The problem:
Copy every record verbatim but exclude the pictures.

[Records to process]

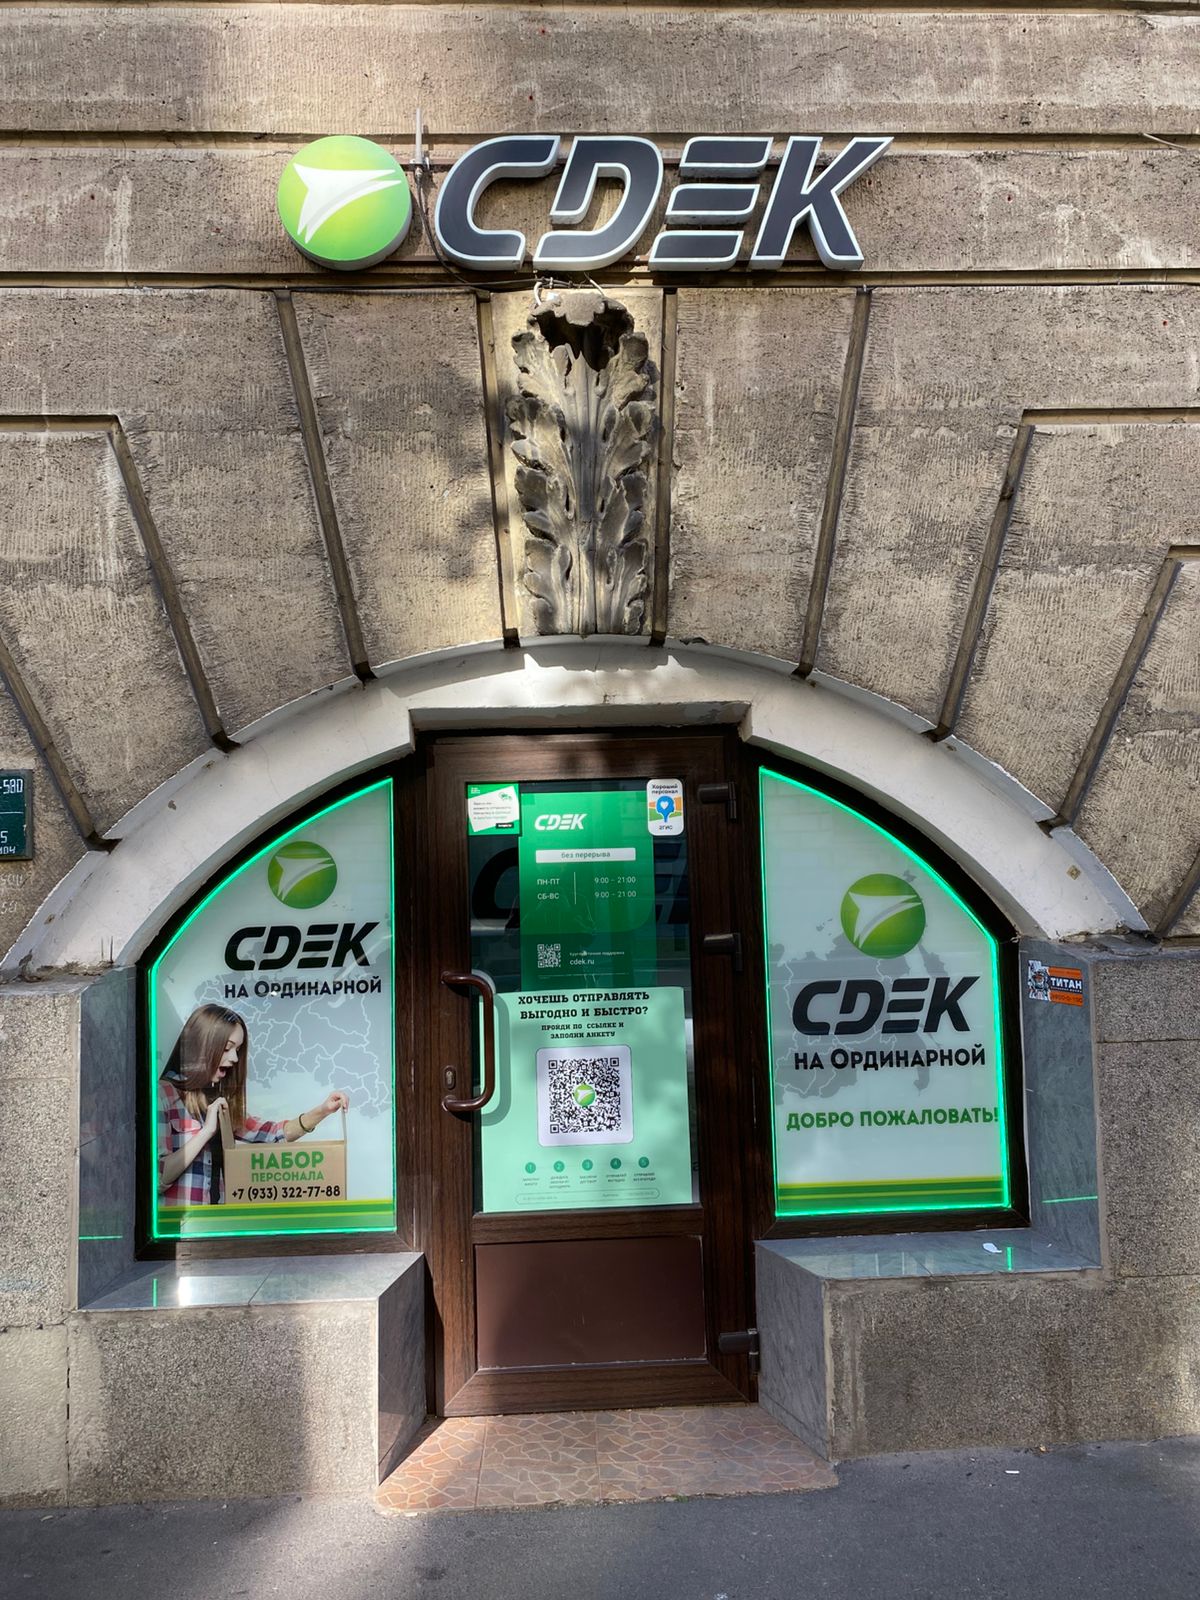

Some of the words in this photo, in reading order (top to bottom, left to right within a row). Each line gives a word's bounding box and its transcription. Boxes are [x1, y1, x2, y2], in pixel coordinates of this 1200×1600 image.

[432, 135, 894, 271] CDEK
[534, 813, 588, 831] CDEK
[575, 851, 611, 860] перерыва
[537, 878, 560, 886] ПН-ПТ
[617, 876, 636, 884] 21:00
[537, 892, 560, 900] СБ-ВС
[225, 922, 380, 972] CDEK
[569, 958, 595, 966] cdek.ru
[1050, 977, 1083, 990] ТИТАН
[224, 984, 249, 999] НА
[518, 995, 569, 1005] ХОЧЕШЬ
[572, 991, 650, 1003] ОТПРАВЛЯТЬ
[520, 1008, 578, 1020] ВЫГОДНО
[594, 1006, 649, 1017] БЫСТРО?
[792, 976, 980, 1036] CDEK
[794, 1052, 824, 1070] НА
[830, 1043, 986, 1071] ОРДИНАРНОЙ
[786, 1112, 854, 1131] ДОБРО
[859, 1107, 999, 1127] ПОЖАЛОВАТЬ!
[250, 1151, 325, 1170] НАБОР
[251, 1170, 325, 1183] ПЕРСОНАЛА
[231, 1188, 245, 1200] +7
[247, 1185, 278, 1201] (933)
[281, 1185, 341, 1198] 322-77-88

[/Records to process]

Answer to this exercise:
Some of the words in this photo, in reading order (top to bottom, left to right within a row). Each line gives a word's bounding box and its transcription. Boxes are [x1, y1, x2, y2], in pixel coordinates of this 1200×1600 image.

[432, 135, 894, 271] CDEK
[534, 813, 588, 831] CDEK
[575, 851, 611, 860] перерыва
[537, 878, 560, 886] ПН-ПТ
[617, 876, 636, 884] 21:00
[537, 892, 560, 900] СБ-ВС
[225, 922, 380, 972] CDEK
[569, 958, 595, 966] cdek.ru
[1050, 977, 1083, 990] ТИТАН
[224, 984, 249, 999] НА
[518, 995, 569, 1005] ХОЧЕШЬ
[572, 991, 650, 1003] ОТПРАВЛЯТЬ
[520, 1008, 578, 1020] ВЫГОДНО
[594, 1006, 649, 1017] БЫСТРО?
[792, 976, 980, 1036] CDEK
[794, 1052, 824, 1070] НА
[830, 1043, 986, 1071] ОРДИНАРНОЙ
[786, 1112, 854, 1131] ДОБРО
[859, 1107, 999, 1127] ПОЖАЛОВАТЬ!
[250, 1151, 325, 1170] НАБОР
[251, 1170, 325, 1183] ПЕРСОНАЛА
[231, 1188, 245, 1200] +7
[247, 1185, 278, 1201] (933)
[281, 1185, 341, 1198] 322-77-88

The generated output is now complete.